Kalanithi was drawn to the quest of meaning. It wasn’t just the meaning from his work examining the human brain but the healing of our soul. His early fascination with medicine was to create a bridge that links scientific healing with spiritual healing.
“Throughout college, my monastic, scholarly study of human meaning would conflict with my urge to forge and strengthen the human relationships that formed that meaning. If the unexamined life was not worth living, was the unlived life worth examining?”
As his condition worsened, Kalanithi achieved a series of epiphanies. Being a surgeon taught him to be a hero, the rescuer, the sorcerer, the problem-solver. What happens when you’re on the other end of the spectrum? What happens when there is no solution to your problem? What happens when you’ve exhausted all there is to find the cure? Here, Kalanithi realized that even as a successful brain surgeon, he was not well-versed with the magnitude of being a patient:
“I began to suspect that being so close to the fiery light of such moments only blinded me to their nature, like trying to learn astronomy by staring directly at the sun. I was not yet with the patients in their pivotal moments, I was merely at those pivotal moments. I observed a lot of suffering; worse, I became inured to it.” — Paul Kalanithi, When Breath Becomes Air
Kalanithi raised an important question for us: If you could see the graph of your life and how little time is left to live, what would you change and pursue that’s truly meaningful? It wasn’t exactly his original thought, but one he borrowed from Samuel Beckett:
“One day, is that not enough for you, one day he went dumb, one day I went blind, one day we’ll go deaf, one day we were born, one day we shall die, the same day, the same second, is that not enough for you? They give birth astride of a grave, the light gleams an instant, then it’s night once more.” — Samuel Beckett, Waiting for Godot
I didn’t realize how time flew between us.
My delayed flight offered me gratis time to absorb myself in Kalanithi’s short life’s journey.
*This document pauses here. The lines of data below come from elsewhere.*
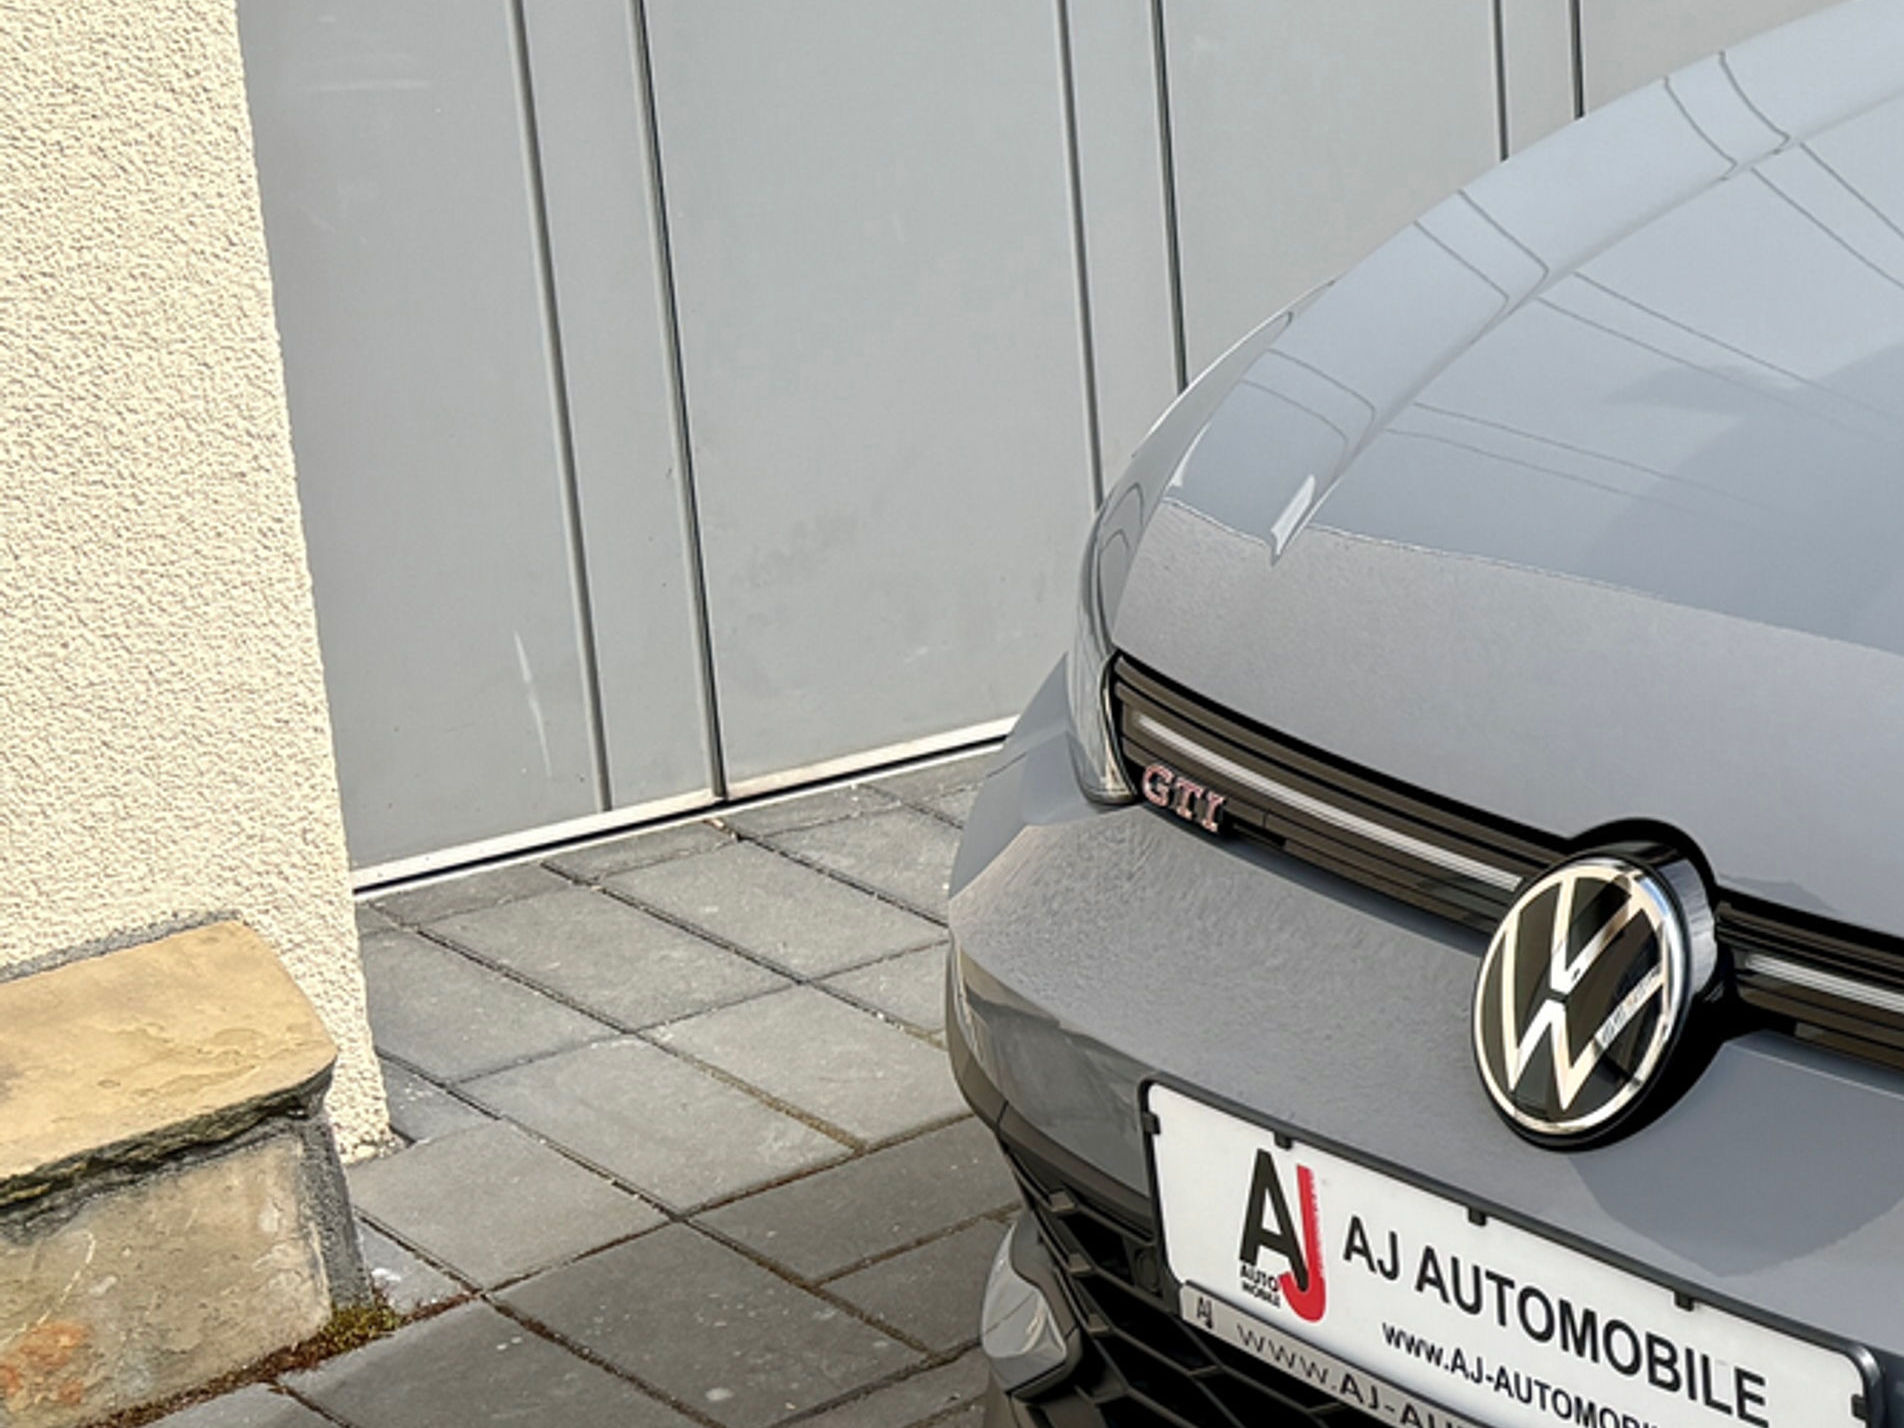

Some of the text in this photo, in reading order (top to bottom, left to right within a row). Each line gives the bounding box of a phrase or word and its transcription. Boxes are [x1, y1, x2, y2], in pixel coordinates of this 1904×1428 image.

[1142, 765, 1226, 834] GTI
[1492, 866, 1674, 1118] VW
[1239, 1148, 1326, 1322] AJ
[1343, 1215, 1399, 1280] AJ
[1240, 1263, 1280, 1292] AUTO
[1241, 1281, 1281, 1308] MOBILE
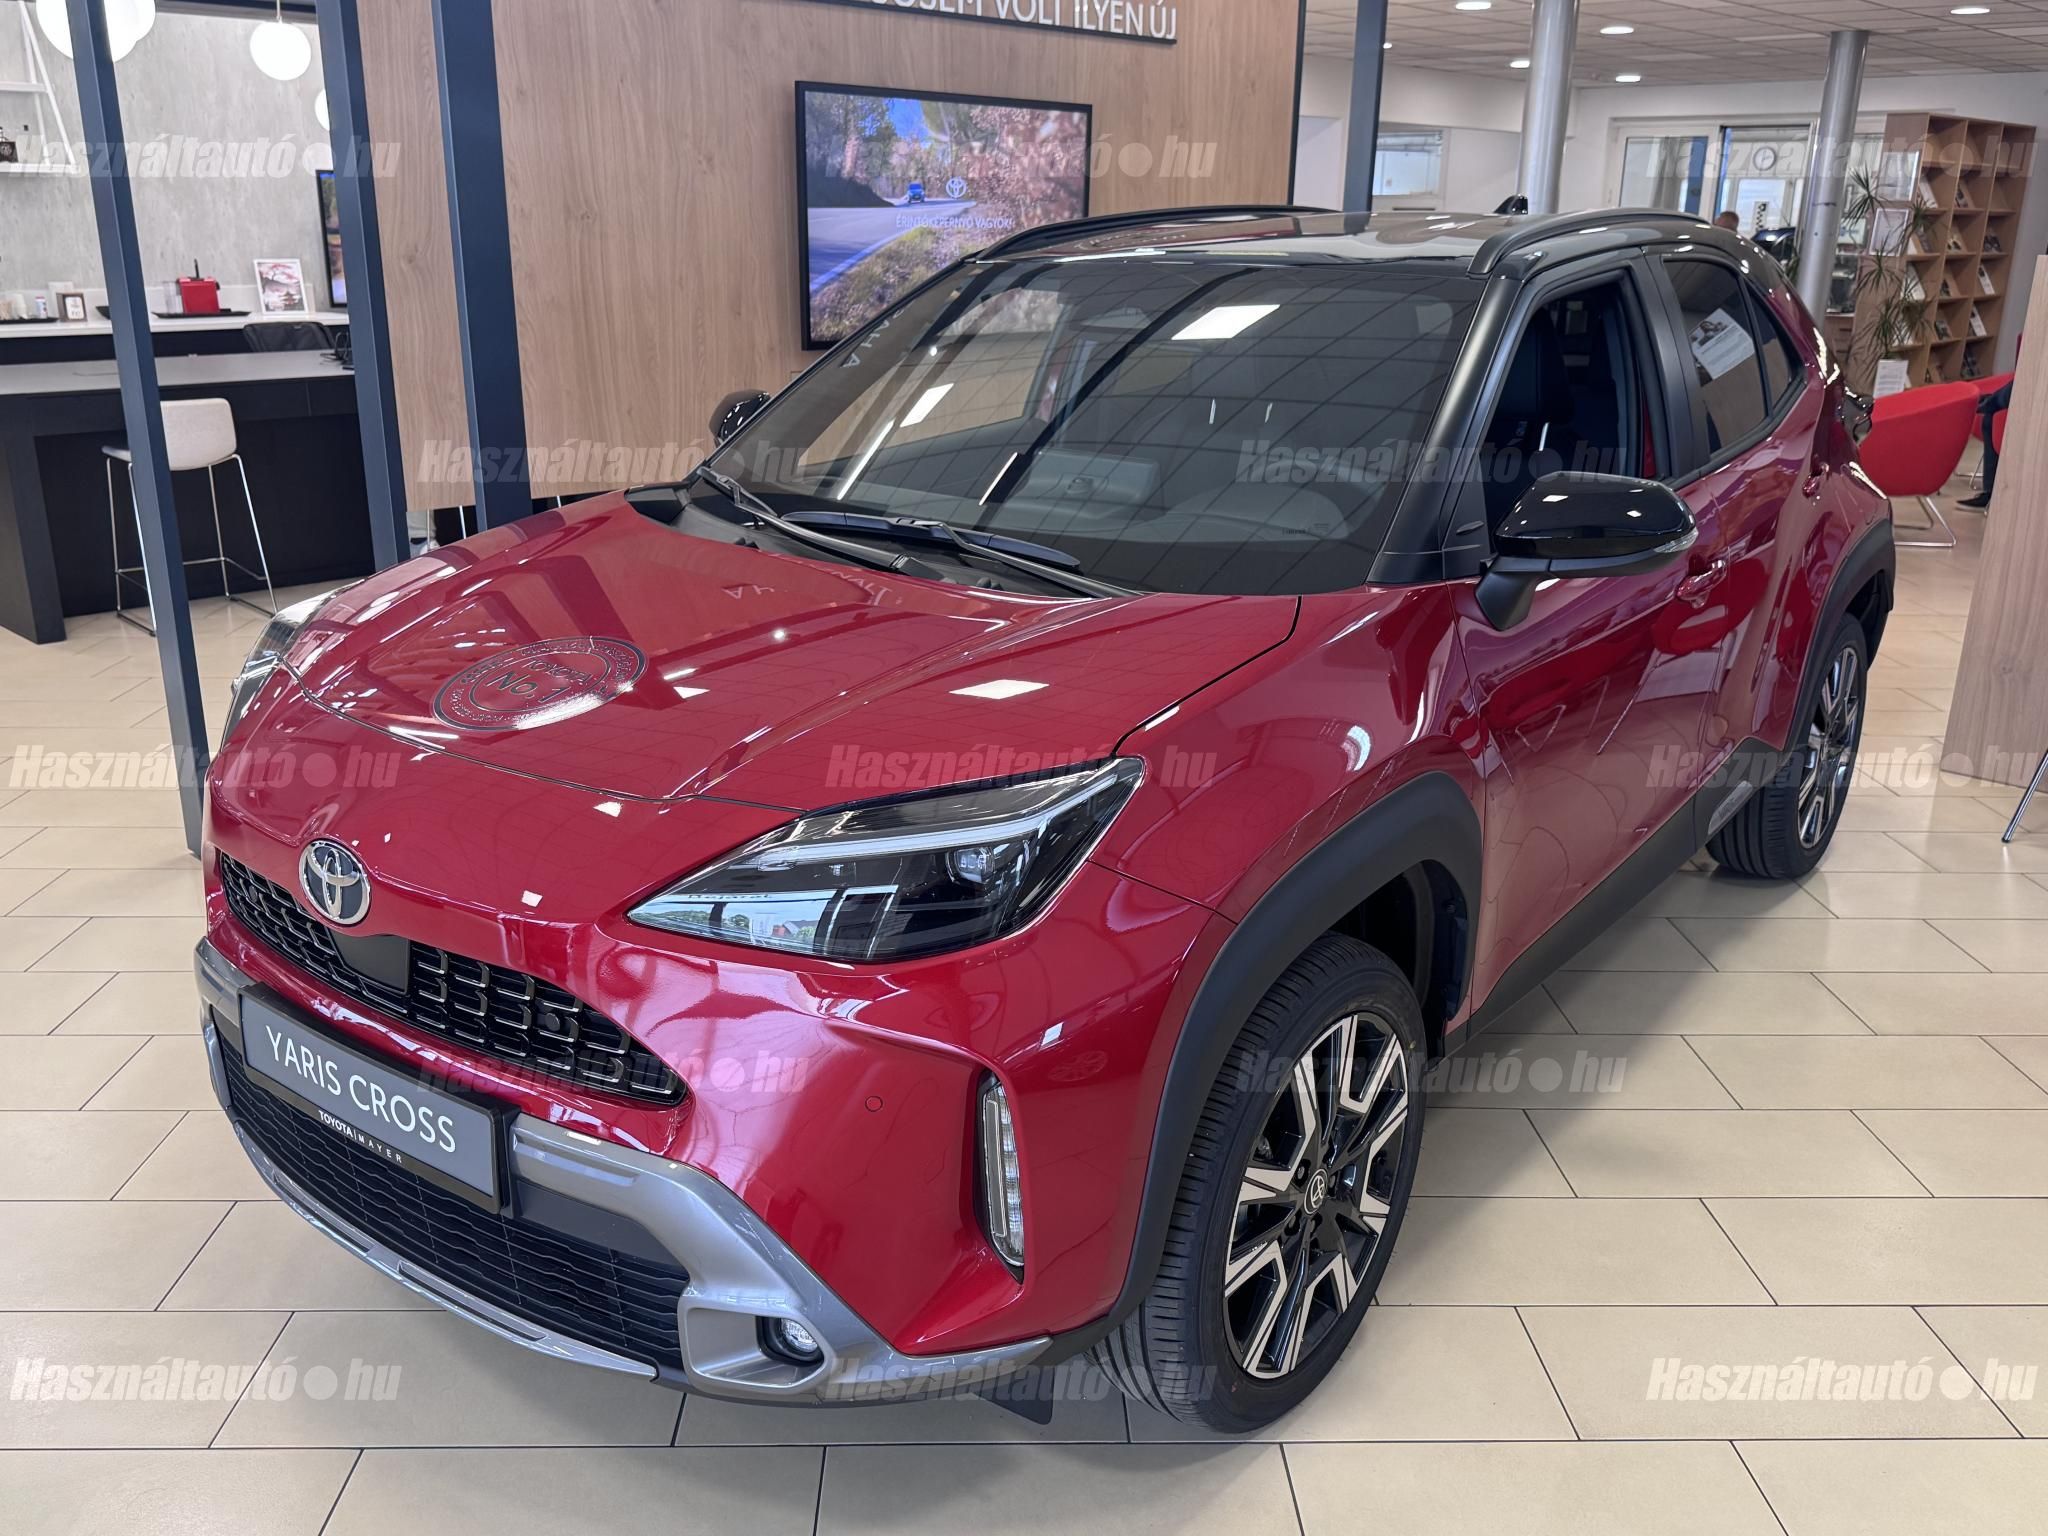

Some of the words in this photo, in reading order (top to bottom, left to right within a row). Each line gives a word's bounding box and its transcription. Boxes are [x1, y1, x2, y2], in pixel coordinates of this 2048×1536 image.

[1074, 0, 1143, 36] ILYEN
[1149, 0, 1177, 39] ÚJ
[265, 1025, 341, 1096] YARIS
[349, 1074, 456, 1153] CROSS
He fought for his life against cancer for 22 months. Dr. Paul Kalanithi died on Monday, 9th March 2015, two days after my birthday. I tried to recall what I did in 2015. What were my struggles then? What did I achieve that year?
I recall struggling with my depression and battling a demon named alcohol. I was in the bowels of my madness. I recall the darkness I was in, the days that stretched for miles and the mornings I couldn’t get out of bed.
Yet here I am.
I outlived Dr. Paul Kalanithi. I thought of the friends I outlived, loved ones I buried. I looked at my doctorate notes and out towards the scheduled aircraft that arrived. As Hellish as my doctorate may be, I’ve fought my way out of my tunnel of despair to be where I am today. Friends teased saying PhD refers to “Permanent Head Damage.” Interestingly, it was pursuing my doctorate that gave me a new lease on life: a reason to rebuild myself better, cleaner and stronger. Every death is a reminder of a life to be lived.
Has it been easy? No. Would I do it all over again? Yes. In a heartbeat.
There are days I question, why am I still here? If they say “the good die young” what does that make me?
Looking out into beautiful sunsets, up towards glistening naked full moons, and witnessing exploding bursts of colorful horizons at different times and places, I used to ask Why me? If the good die young, am I unworthy to leave, or blessed to live? What’s the meaning and blessing of allowing me the privileges of this world?
Looks like I still have time to make the best of myself. I may not be a prolific neurosurgeon, but I think I can work my way around helping others within my capacity. In the thoughts of Dr. Paul Kalanithi, even when staring into the eyes of death, Why not me?